MEC defende que crianças com deficiência devem estudar em escolas regulares
No Brasil, o número de meninos e meninas com deficiência que estudam em escolas regulares aumentou em mais de 500%
02/11/2008 • Clipping • Girassolidário (MS)
No Brasil, o número de crianças com deficiências que estudam em escolas regulares aumentou em mais de 500%, passando de 43 mil para 306 mil nos últimos dez anos, de acordo com o Ministério da Educação (MEC). O Ministério defende que a integração com outras crianças ajuda a desenvolver o aluno com deficiência e ainda promove a diversidade nas escolas. “Não há nenhuma restrição para que todos os alunos estejam na mesma escola”, diz a secretária de Educação Especial do MEC, Cláudia Dutra. No entanto, aproximadamente 348 mil crianças e jovens com deficiência ainda estão em escolas especiais. O número de escolas regulares que recebe esses alunos subiu de 6 mil para 62 mil. Em setembro deste ano, o MEC publicou um decreto para tentar pôr fim à polêmica que surgiu quando se intensificaram os debates sobre o tema, há cerca de três anos. O documento permite que o aluno especial seja contado duas vezes no censo oficial da Educação a partir de 2010, o que garante dinheiro em dobro do Fundo de Desenvolvimento da Educação Básica (Fundeb).

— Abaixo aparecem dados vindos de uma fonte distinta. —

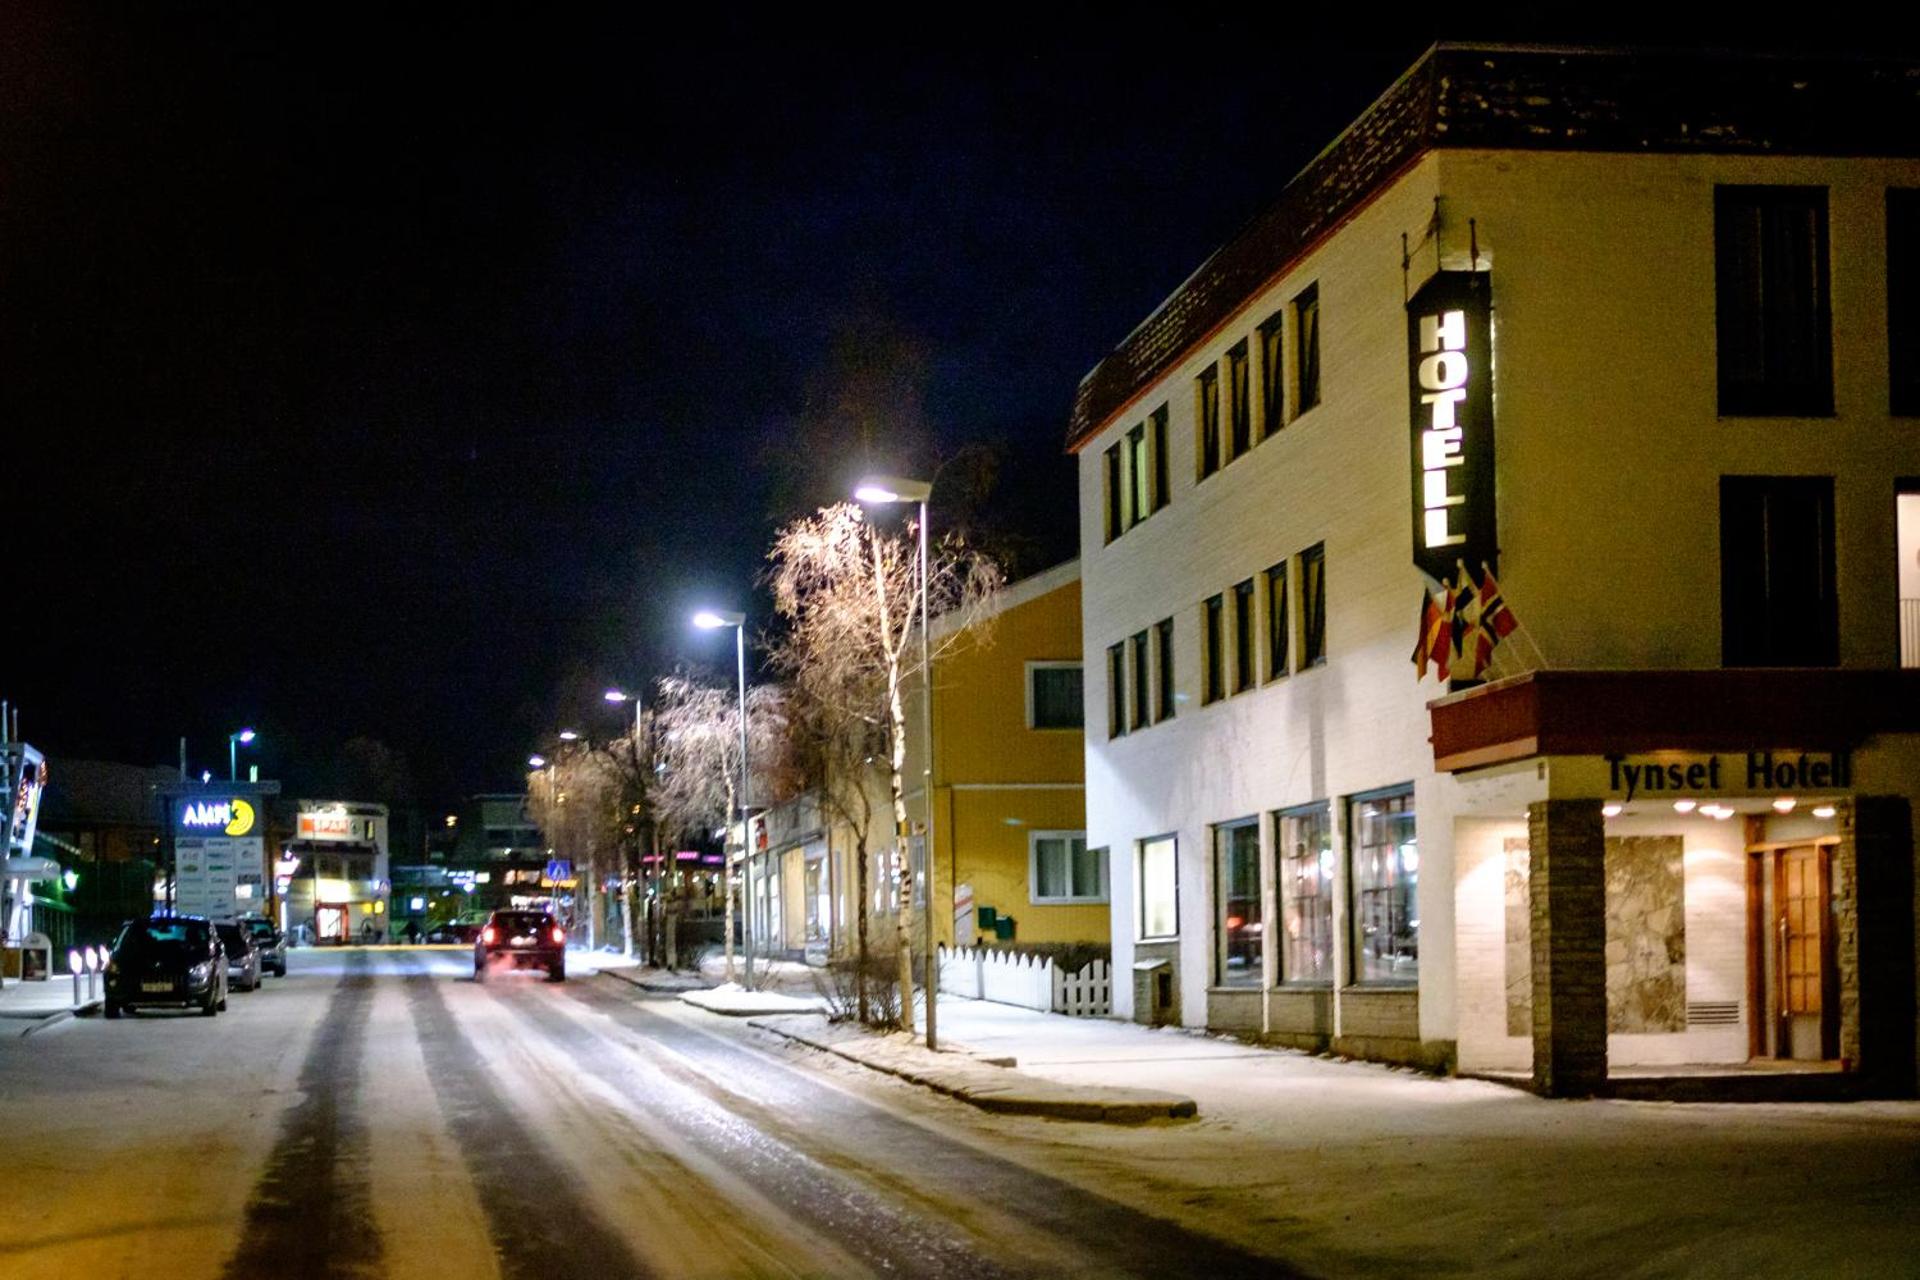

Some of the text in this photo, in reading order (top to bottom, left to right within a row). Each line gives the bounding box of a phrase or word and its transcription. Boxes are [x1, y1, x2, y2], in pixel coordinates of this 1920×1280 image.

A segunda metade dessa verba pode ser destinada também à escola regular em que o aluno está matriculado, caso ela já tenha a chamada sala de recursos, com equipamentos para atender as crianças fora do horário de aula. Hoje, são 1.200 salas desse tipo financiadas pelo MEC. O dinheiro pode ser destinado ainda a associações, como APAE (Associação dos Pais e Amigos dos Excepcionais) ou AACD (Associação de Assistência à Criança Deficiente), que fazem trabalho de apoio à escola.